### DATASET EXTRACT ###

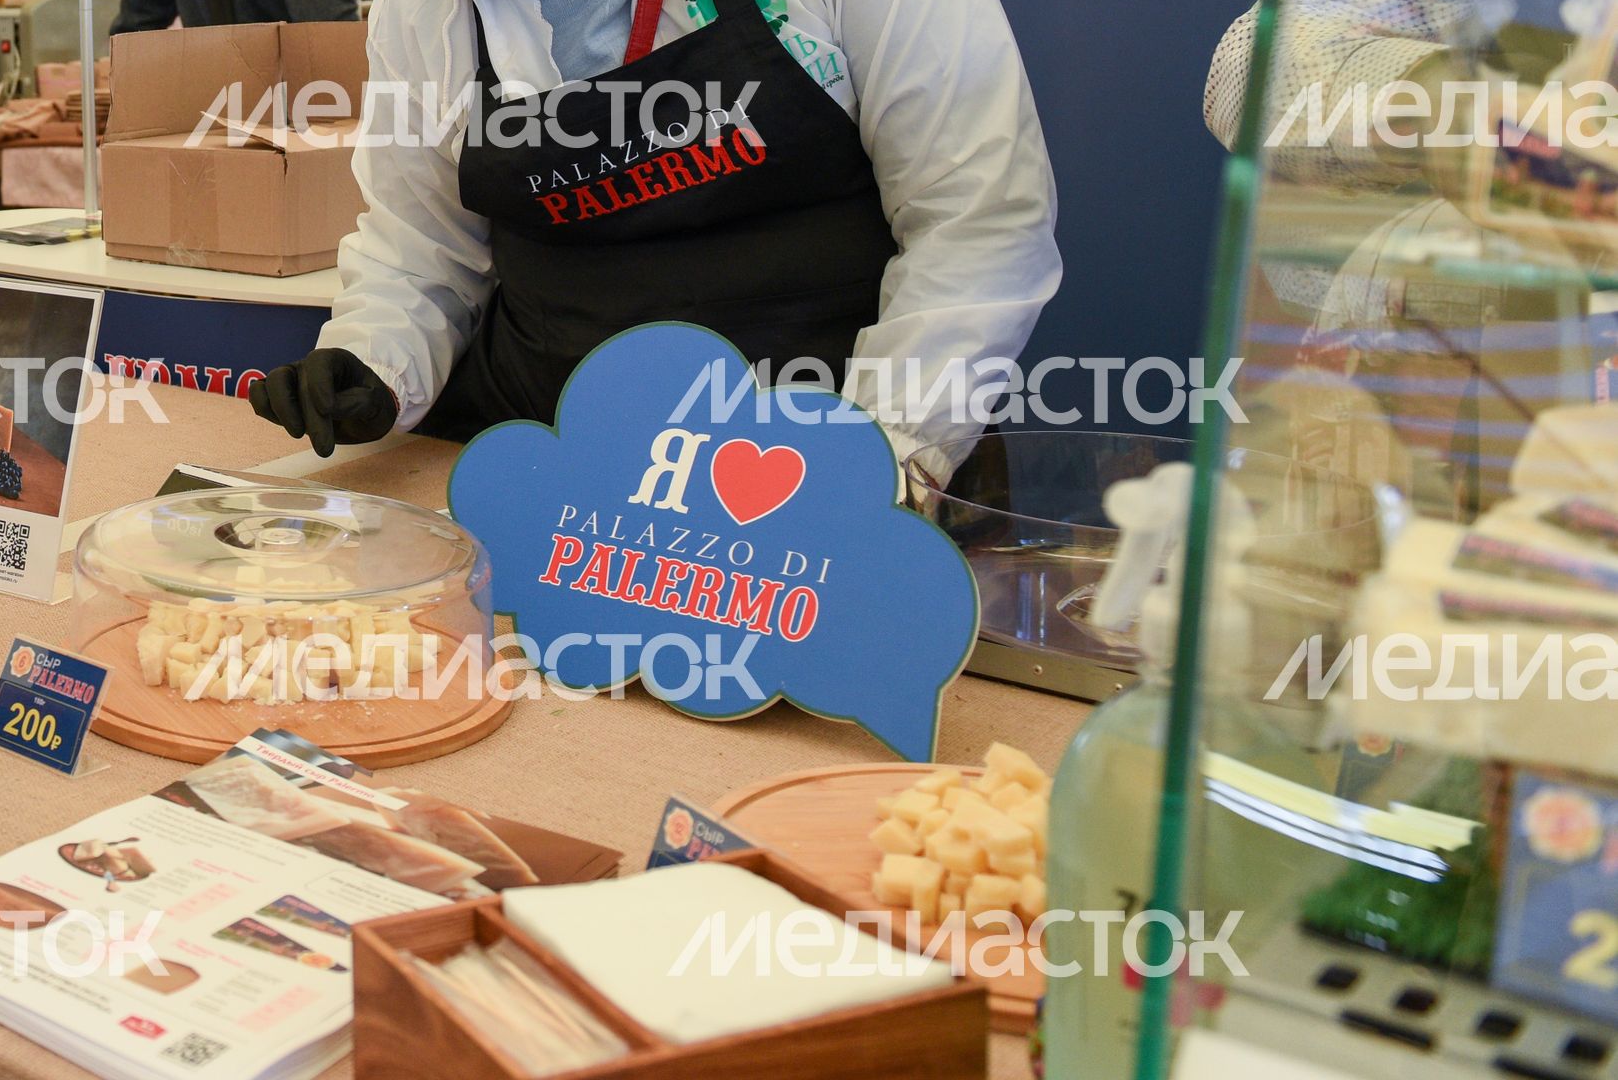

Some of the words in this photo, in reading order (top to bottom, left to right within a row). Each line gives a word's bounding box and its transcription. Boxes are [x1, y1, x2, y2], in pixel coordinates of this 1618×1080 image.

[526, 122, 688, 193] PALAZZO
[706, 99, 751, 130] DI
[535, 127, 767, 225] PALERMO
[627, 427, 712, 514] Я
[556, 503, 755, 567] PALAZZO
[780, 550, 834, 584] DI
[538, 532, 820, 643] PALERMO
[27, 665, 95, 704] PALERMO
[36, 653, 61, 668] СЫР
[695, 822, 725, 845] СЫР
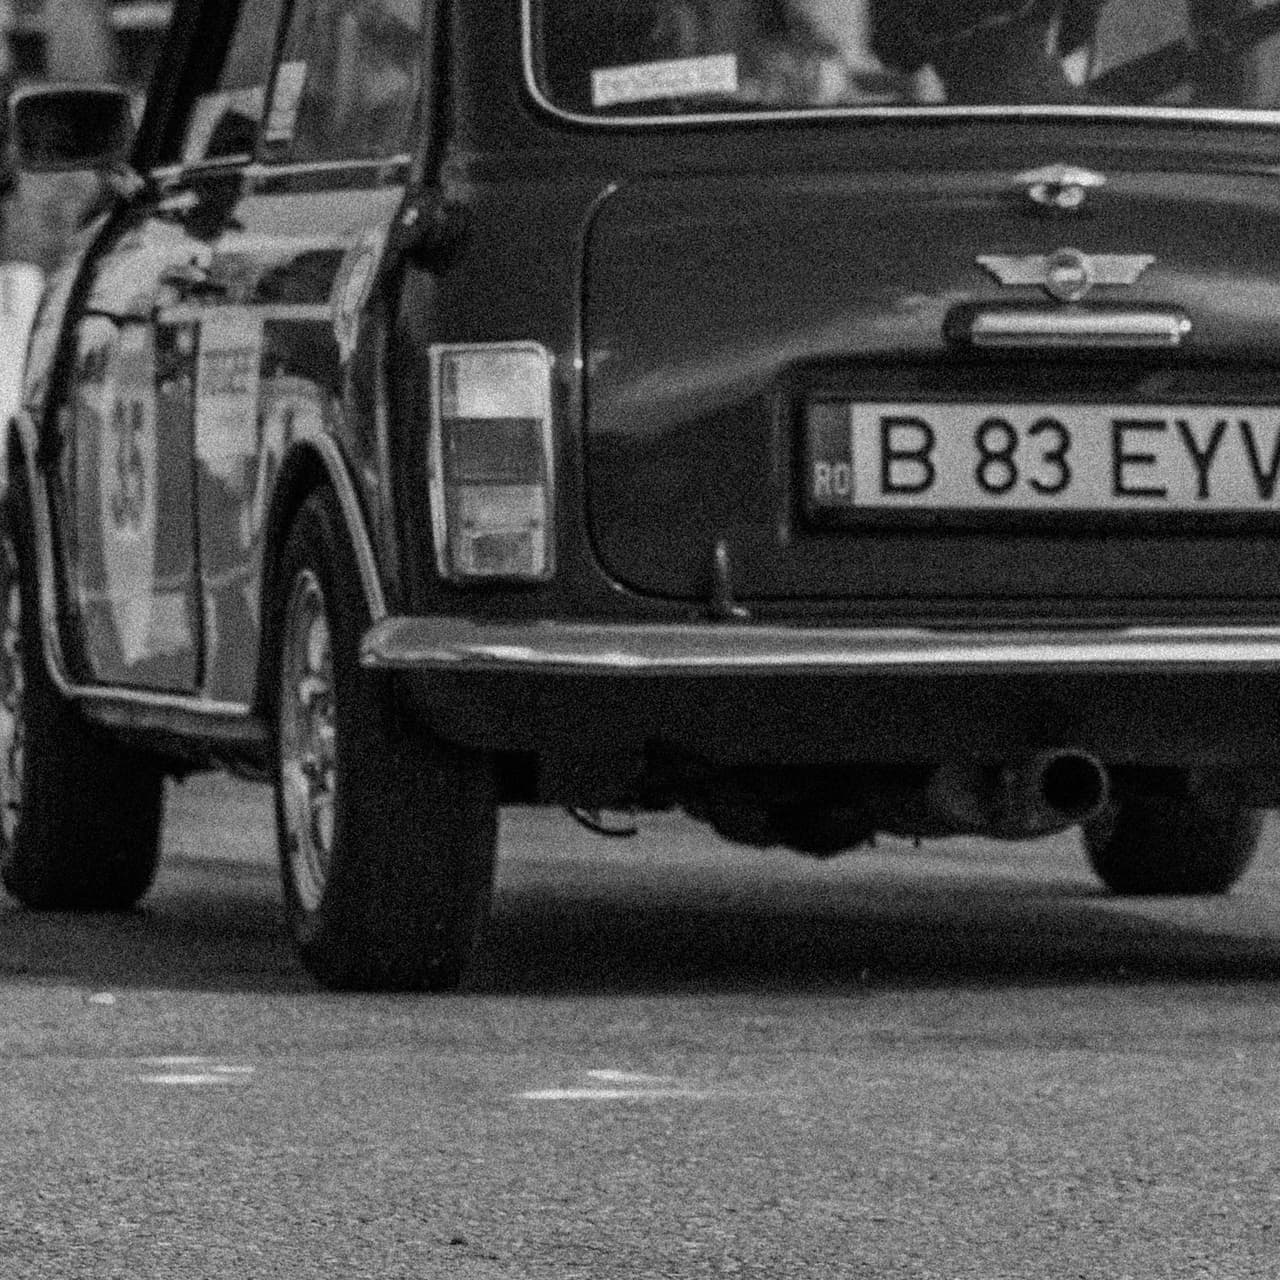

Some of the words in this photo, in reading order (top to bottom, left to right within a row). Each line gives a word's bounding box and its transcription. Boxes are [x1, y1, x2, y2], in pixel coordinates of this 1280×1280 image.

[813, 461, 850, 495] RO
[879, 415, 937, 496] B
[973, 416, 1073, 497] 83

###

- [WORK REQUIRED]:
Leave out the pictures and retype every line above exactly.

- [WORKED SOLUTION]:
Some of the words in this photo, in reading order (top to bottom, left to right within a row). Each line gives a word's bounding box and its transcription. Boxes are [x1, y1, x2, y2], in pixel coordinates of this 1618×1080 image.

[526, 122, 688, 193] PALAZZO
[706, 99, 751, 130] DI
[535, 127, 767, 225] PALERMO
[627, 427, 712, 514] Я
[556, 503, 755, 567] PALAZZO
[780, 550, 834, 584] DI
[538, 532, 820, 643] PALERMO
[27, 665, 95, 704] PALERMO
[36, 653, 61, 668] СЫР
[695, 822, 725, 845] СЫР

Some of the words in this photo, in reading order (top to bottom, left to right within a row). Each line gives a word's bounding box and its transcription. Boxes are [x1, y1, x2, y2], in pixel coordinates of this 1280×1280 image.

[813, 461, 850, 495] RO
[879, 415, 937, 496] B
[973, 416, 1073, 497] 83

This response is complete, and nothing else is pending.